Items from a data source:
_ _ _

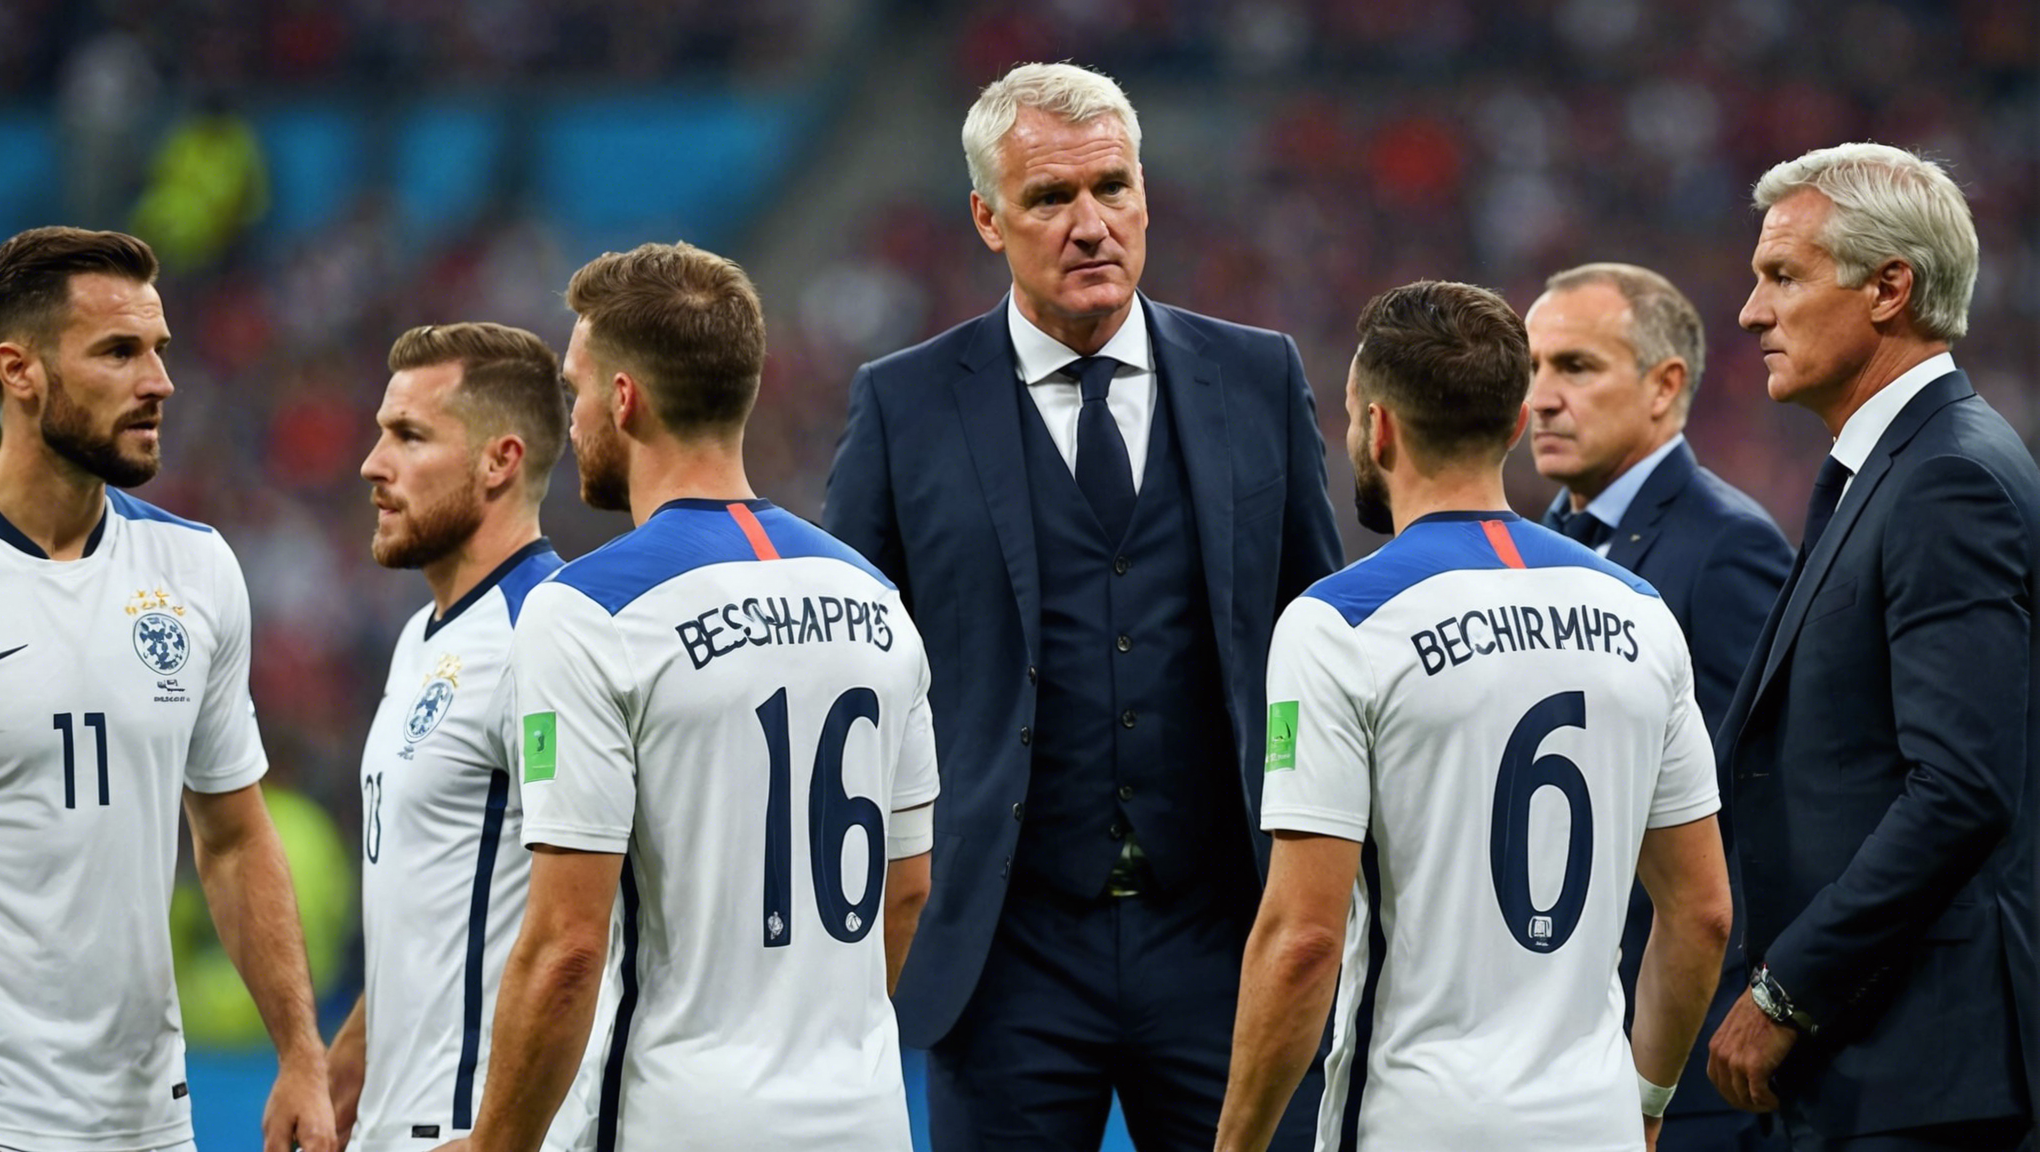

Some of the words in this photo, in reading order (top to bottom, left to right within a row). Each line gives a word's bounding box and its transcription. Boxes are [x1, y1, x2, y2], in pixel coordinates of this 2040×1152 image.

[53, 712, 110, 809] 11
[755, 686, 885, 948] 16
[1490, 691, 1593, 954] 6
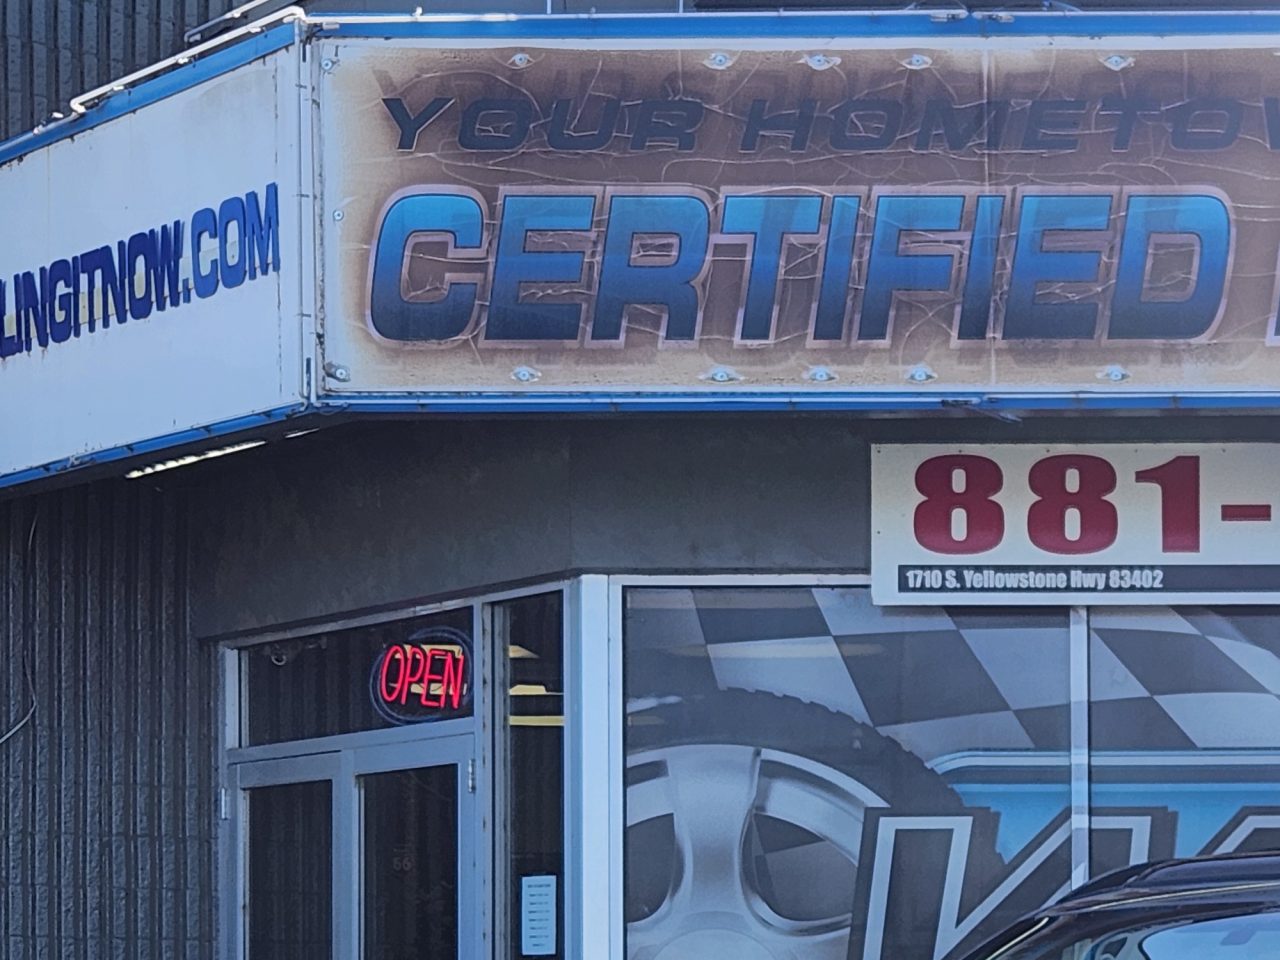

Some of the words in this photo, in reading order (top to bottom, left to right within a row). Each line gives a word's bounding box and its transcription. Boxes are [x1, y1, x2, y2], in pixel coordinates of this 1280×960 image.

[382, 97, 713, 152] YOUR
[368, 186, 1236, 348] CERTIFIED
[905, 569, 942, 590] 1710
[944, 569, 962, 590] S.
[963, 569, 1068, 590] Yellowstone
[1070, 569, 1107, 591] Hwy
[1108, 568, 1164, 590] 83402
[381, 644, 465, 710] OPEN
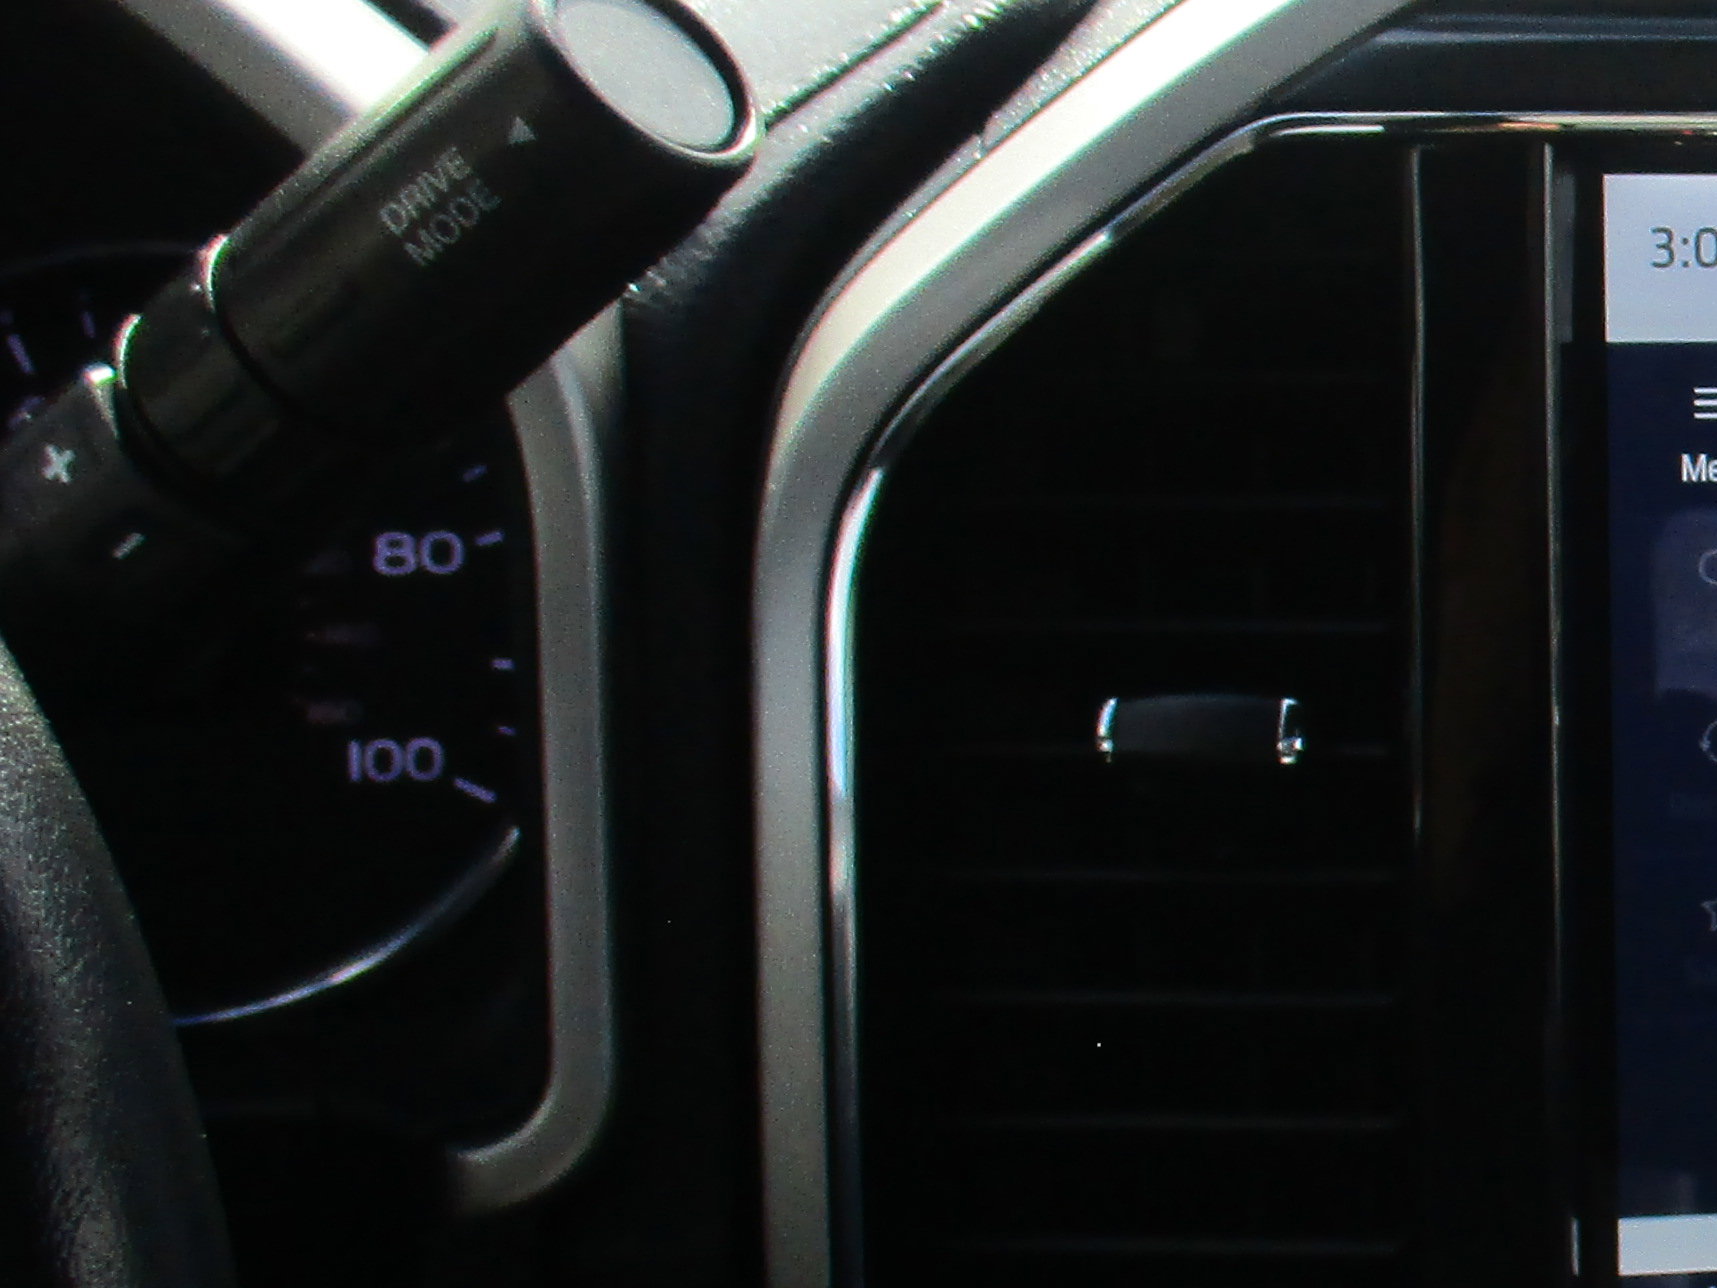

_ _ _

* What is needed
Output the records above exactly as they are, leaving out the pictures.

* Exercise answer
Some of the words in this photo, in reading order (top to bottom, left to right within a row). Each line gives a word's bounding box and its transcription. Boxes are [x1, y1, x2, y2], in pixel coordinates of this 2040×1152 image.

[53, 712, 110, 809] 11
[755, 686, 885, 948] 16
[1490, 691, 1593, 954] 6

Some of the words in this photo, in reading order (top to bottom, left to right within a row). Each line gives a word's bounding box and its transcription. Boxes are [x1, y1, x2, y2], in pixel coordinates of this 1280×960 image.

[382, 97, 713, 152] YOUR
[368, 186, 1236, 348] CERTIFIED
[905, 569, 942, 590] 1710
[944, 569, 962, 590] S.
[963, 569, 1068, 590] Yellowstone
[1070, 569, 1107, 591] Hwy
[1108, 568, 1164, 590] 83402
[381, 644, 465, 710] OPEN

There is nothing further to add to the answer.